Rund 850 Anlagen dürfen deshalb vorerst nicht mehr eingesetzt werden. Etwa 3.150 Geräte erfüllen die neuen Anforderungen und bleiben weiter in Betrieb. Auslöser der Reform sind mehrere Entscheidungen des Kassationsgerichtshofs. Italiens höchstes Zivil- und Strafgericht hatte wiederholt klargestellt, dass zahlreiche Messgeräte zwar ministeriell genehmigt worden waren, die gesetzlich vorgeschriebene Homologation jedoch fehlte.

Viele Bußgeldbescheide wurden daraufhin angefochten, zahlreiche Kommunen schalteten ihre Blitzer vorsorglich ab.

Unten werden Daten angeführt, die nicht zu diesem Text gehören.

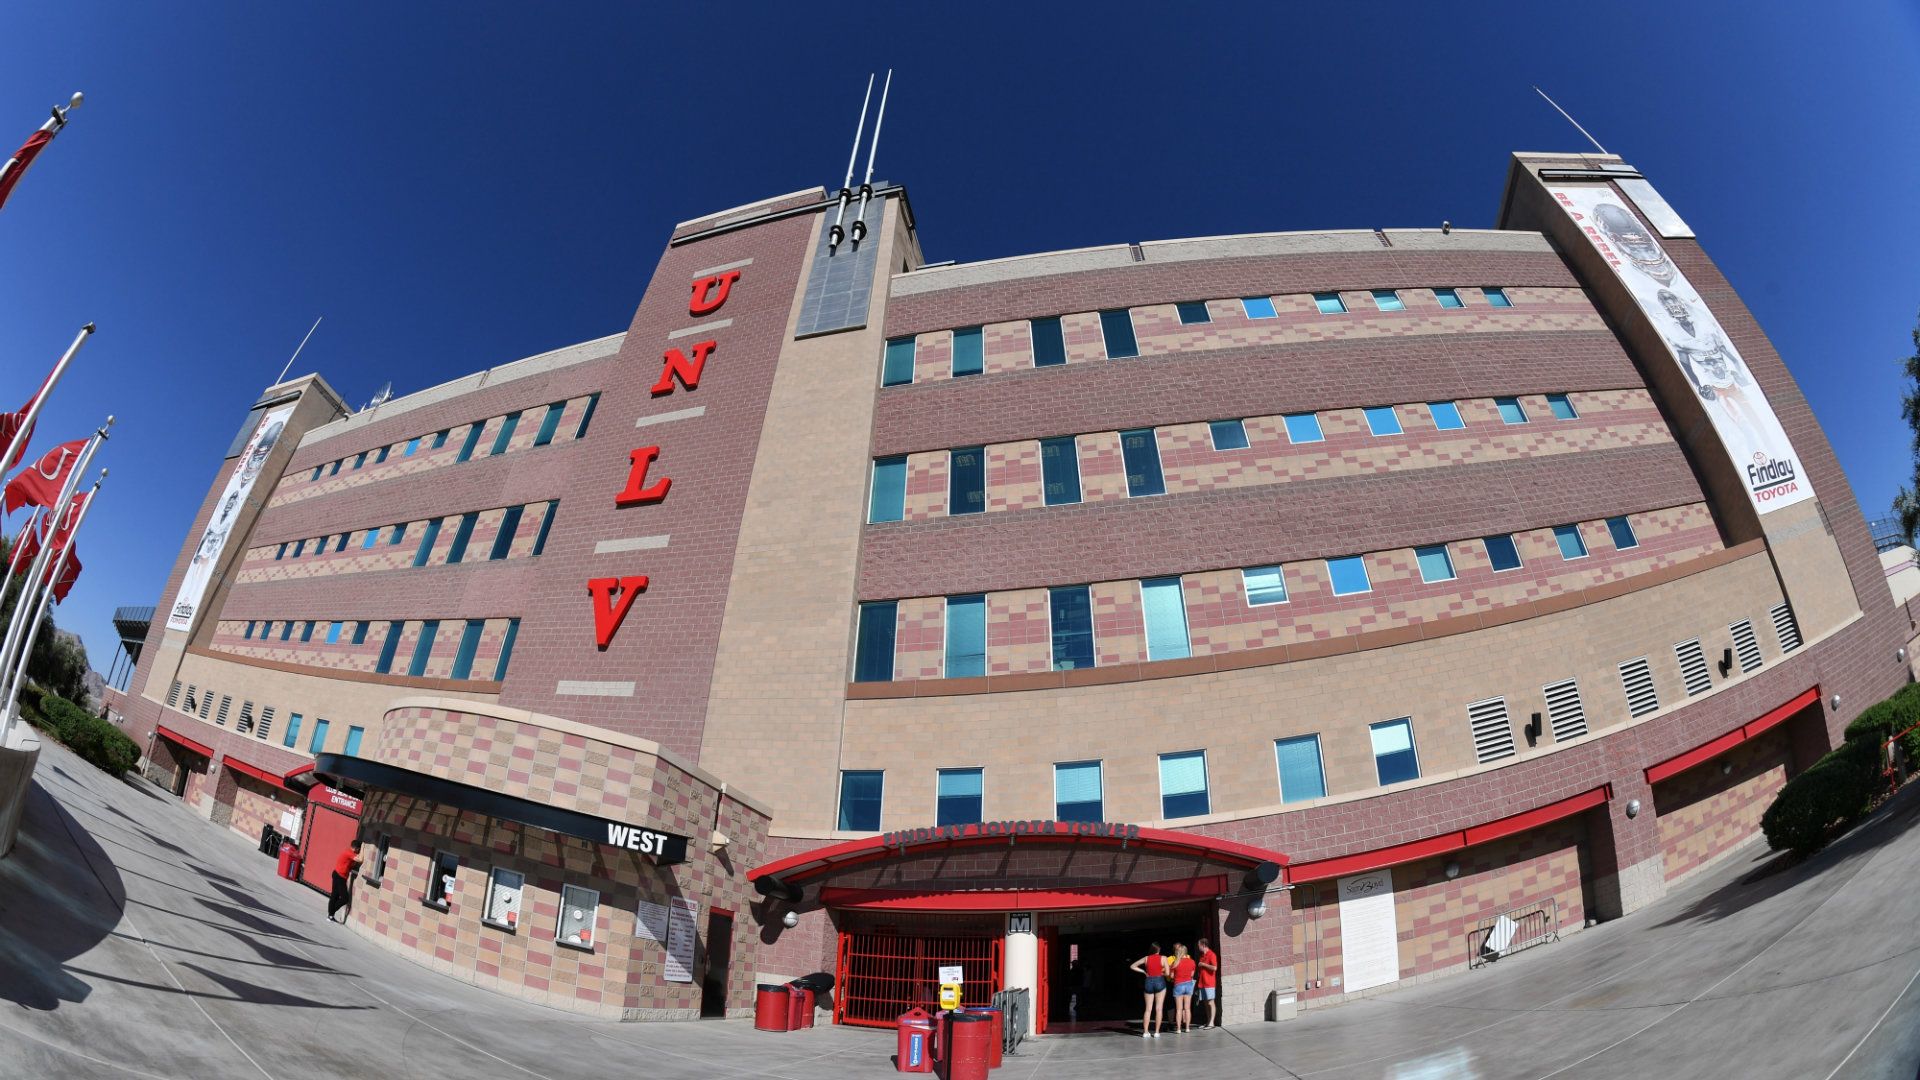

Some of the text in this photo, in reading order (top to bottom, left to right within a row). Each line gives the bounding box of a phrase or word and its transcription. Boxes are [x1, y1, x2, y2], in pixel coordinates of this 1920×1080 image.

[1554, 192, 1622, 273] BE A REBEL.
[586, 270, 741, 648] UNLV
[1747, 458, 1796, 487] Findlay
[1755, 482, 1799, 503] TOYOTA
[331, 795, 357, 809] ENTRANCE
[608, 823, 668, 855] WEST
[883, 819, 1139, 847] FINDLAY TOYOTA TOWER
[1010, 917, 1030, 933] M

Mit dem Dekret reagiert die Regierung nun auf diese Rechtsunsicherheit.

Künftig gelten strengere technische Vorgaben

Die Neuregelung umfasst nicht nur die Homologation neuer Geräte. Erstmals werden auch Kalibrierungen und regelmäßige Funktionsprüfungen verbindlich vorgeschrieben. Vor der Inbetriebnahme muss jede Anlage kalibriert werden. Anschließend sind regelmäßige technische Kontrollen vorgeschrieben. Dabei werden unter anderem Messfunktion, Hard- und Software, Sicherungseinrichtungen sowie die Selbstdiagnose überprüft. Werden Geräte technisch verändert oder um neue Funktionen erweitert, ist eine erneute technische Prüfung erforderlich.

Darüber hinaus legt das Dekret erstmals einheitliche Mindestanforderungen an die Messqualität fest. Fahrzeuge und Kennzeichen müssen mit hoher Zuverlässigkeit erkannt und die gemessene Geschwindigkeit eindeutig dem richtigen Fahrzeug zugeordnet werden. Gesichter auf Frontaufnahmen sind künftig automatisch zu anonymisieren. Unverändert bleibt die Messtoleranz von drei km/h bis 100 km/h beziehungsweise drei Prozent bei höheren Geschwindigkeiten.

Hersteller müssen fehlende Nachweise nachreichen

Nicht alle bestehenden Anlagen erfüllen die neuen Vorgaben. Hersteller betroffener Geräte müssen zusätzliche Unterlagen einreichen und das vorgesehene Zulassungsverfahren abschließen, bevor die Blitzer wieder eingesetzt werden dürfen.

Infrastrukturminister Matteo Salvini erklärte, Geschwindigkeitskontrollen müssten der Verkehrssicherheit dienen und dürften nicht in erster Linie kommunale Haushalte finanzieren. Zustimmung kommt auch von der Vereinigung der Opfer von Verkehrsunfällen. Der Verbraucherverband Codacons begrüßte die Reform grundsätzlich, kritisierte jedoch die späte Umsetzung.